DJT:Of course, I know that when I look at a table, its real structure is mostly space, and its firmness is due to the fact that its molecules have almost no motion. Quantum uncertainty, force fields, strong, weak, electromagnetic, gravity, Brownian motion, can fully be understood by me (and many others) without introducing the approach in 'process'. I know clearly that the universe started with a Big Bang, was hot plasma, and is now filled with 100 billion galaxies, and is expanding. That is a process. My life began with sperm and egg, and the matter I'm composed of has turned over many times in my 80 years. That is process. 
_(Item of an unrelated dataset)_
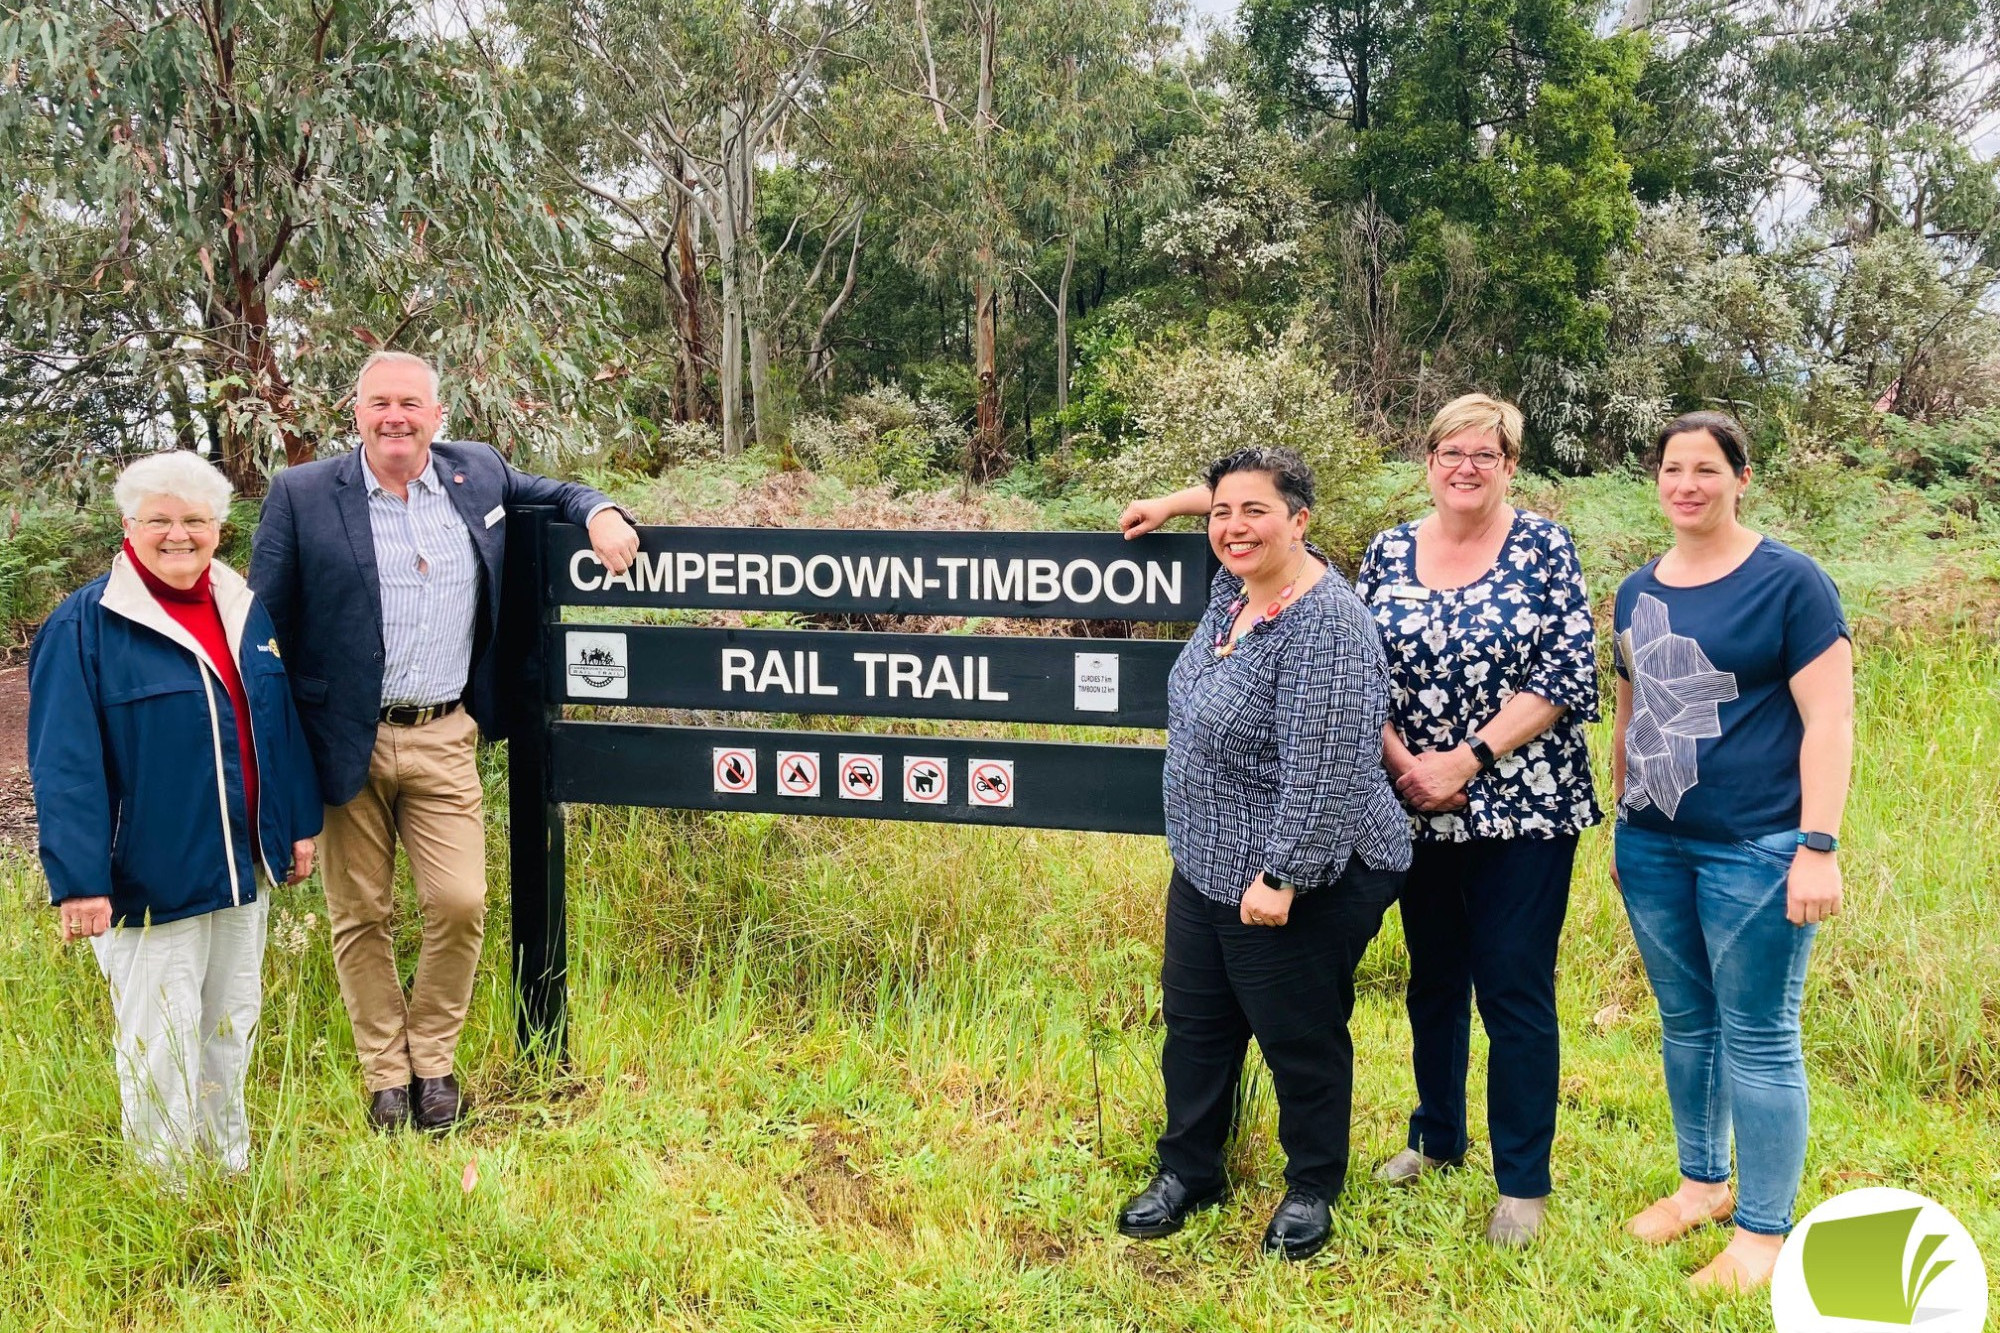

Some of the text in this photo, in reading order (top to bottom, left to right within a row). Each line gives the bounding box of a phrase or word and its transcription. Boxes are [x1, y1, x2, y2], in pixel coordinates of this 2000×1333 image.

'Fundamental to process philosophy are events, understood as actual occasions. In the process view, the fully actual entities are not things that endure throughout time, but momentary events. Actual entities are, thereby, called actual occasions. Such events take place during a short time interval, a fraction of a second, at a particular place. Thus, actual occasions occur in space and time, space-time.'
'Actual occasions occur at different levels, such as at the level of atoms and at the level of human experience. An enduring entity composed of actual occasions could be an atom or an organism, such as a human being. At the most elementary level, electrons and quarks can be understood as a series of actual occasions. For Whitehead, a moving electron has a different identity at every instant because its position has changed. Its trajectory is a series of events. Whitehead calls this a serially ordered society of actual occasions. A human being is a very complex society of events, the dominant member of which can enjoy emergent, unitary consciousness. A human being in process terms is described as a complex spatiotemporal society of events.
DJT: And my above reasoning is why I said this put me into a 'fog'. I don't have to get involved with these intellectual contortions to understand current physics and cosmology. Perhaps I'm unsophisticated, but I've always felt simpler is better and more comfortable. You are comfortable with 'process', I assume, because of your mystical experiences. We have different needs.